Many of these attributed IDR functions overlap with mucin activities. For example, MUC15 is moderately disordered (25%). MUC15/EGFR interaction is shown to diminish the aggressiveness of hepatocellular carcinoma by preventing EGFR dimerization (77). EGFR dimerization promotes the loss of intrinsic disorder in its kinase domain (disorder-to-order transition) leading to an increase in kinase signaling activity and the presence of an L834R mutation facilitates this dimerization by suppression of disorder within the kinase domain (48). MUC15/EGFR interaction and subsequent inhibition of EGFR dimerization may be facilitated by an effector function of these disordered sequences present in both proteins or even MUC15 prevention of EGFR kinase domain loss of disorder. Another mucin with effector type functioning is MUC4. It has been shown that MUC4 interacts and stabilizes the receptor tyrosine kinase HER2 in the setting of pancreatic cancer, thus promoting cell proliferation (78). Interestingly, our analysis showed that MUC4 is over 76% disordered. Given the impact EGFR and HER2 signaling have in many cancers, the precise mechanism of these interactions, their effect on disorder, and the respective inhibition or activation of kinase capability warrants further study.

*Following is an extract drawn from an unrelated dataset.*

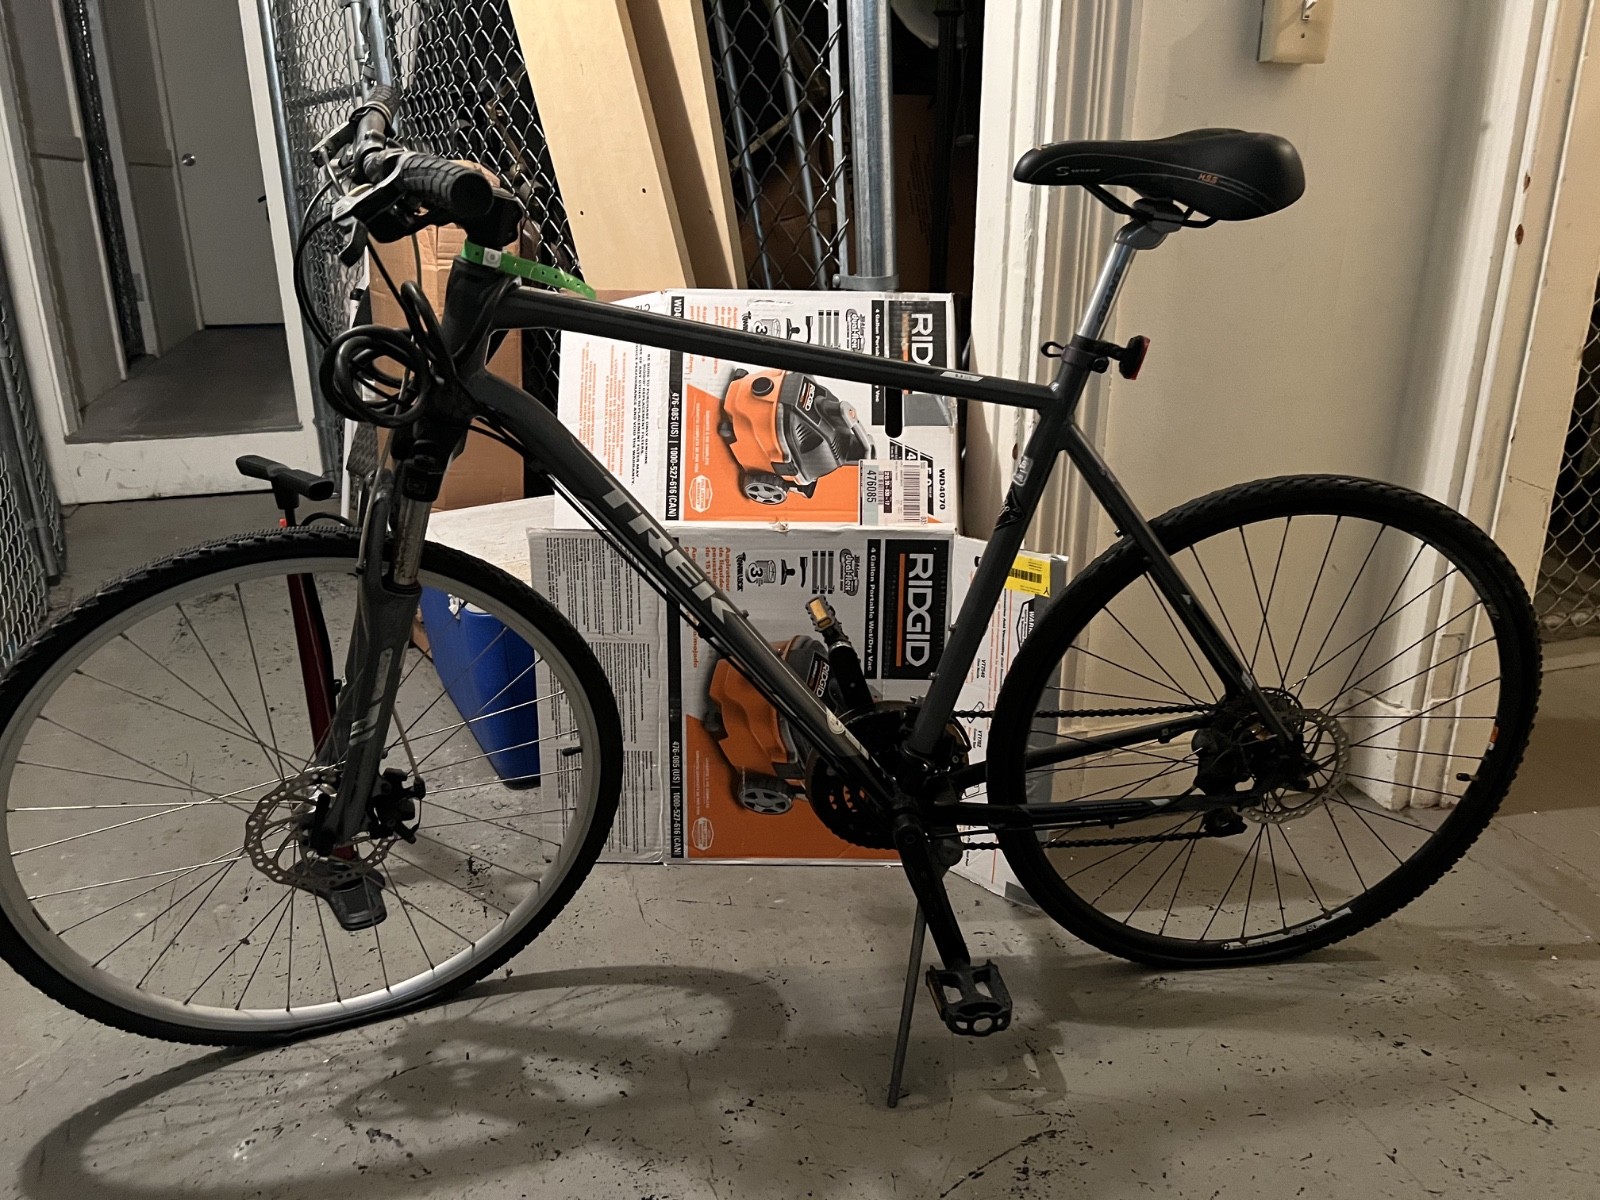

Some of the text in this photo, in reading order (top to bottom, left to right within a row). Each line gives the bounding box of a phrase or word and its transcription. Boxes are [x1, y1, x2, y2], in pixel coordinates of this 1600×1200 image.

Other functional contributions of mucin IDRs could exist. For example, salivary proline-rich glycoproteins (much like mucins) contain high levels of IDRs and have been shown to have scavenger functions and bind small ligands such as ions and organic compounds either for disposal, sequestration, or later release (79) Congruently, our results show salivary MUC7 contains the highest percentage of disorder among all secreted mucins, at 80% predicted disorder. With this, many IDPs, or ordered proteins rich in IDRs, can form proteinaceous membrane‐less organelles (PMLOs) via a liquid-liquid phase separation (80). Given the prevalence of intrinsic disorder in mucins, it is conceivable that mucins could contribute to PMLO formation and scavenger functioning within the local tumor milieu trapping nutrients, growth factors, and various other cytokines, thus forming a synergistic oncogenic environment. Another possible function of mucin IDRs arises in light of the observation that viruses with a greater number of IDRs in their coat proteins are able to evade memory T-cells (81–83). Mucin polymerization and bulky glycosylation could also form an immunomodulating “glycoblanket” that shields cancer cells from detection and killing by leukocytes, thereby facilitating the unchecked growth of the disease. Along with this, our results show that IDRs are present in the cytoplasmic tail of transmembrane mucins as well as the extracellular region. Many oncogenic molecules involved in signaling are enriched in IDRs in their cytoplasmic tail (84, 85), thus, their existence in mucin CTs could impact mucin activity.

Due to the inherent ability to engage in promiscuous interactions, and the ability of rapid on/off binding, IDP/IDR ensembles are associated with dosage sensitivity. The higher the protein concentration, the larger the interaction pool. This, in turn, can lead to a dose-dependent non-specific response (86, 87). In conjunction, proteins with the most disorder are associated with hub positions in cancer-associated protein-protein interaction networks (19, 46). The combination of these two IDR aspects may explain why mucins can bind with and activate a great number of surface receptors (88), signaling molecules (3), and transcription factors (89, 90).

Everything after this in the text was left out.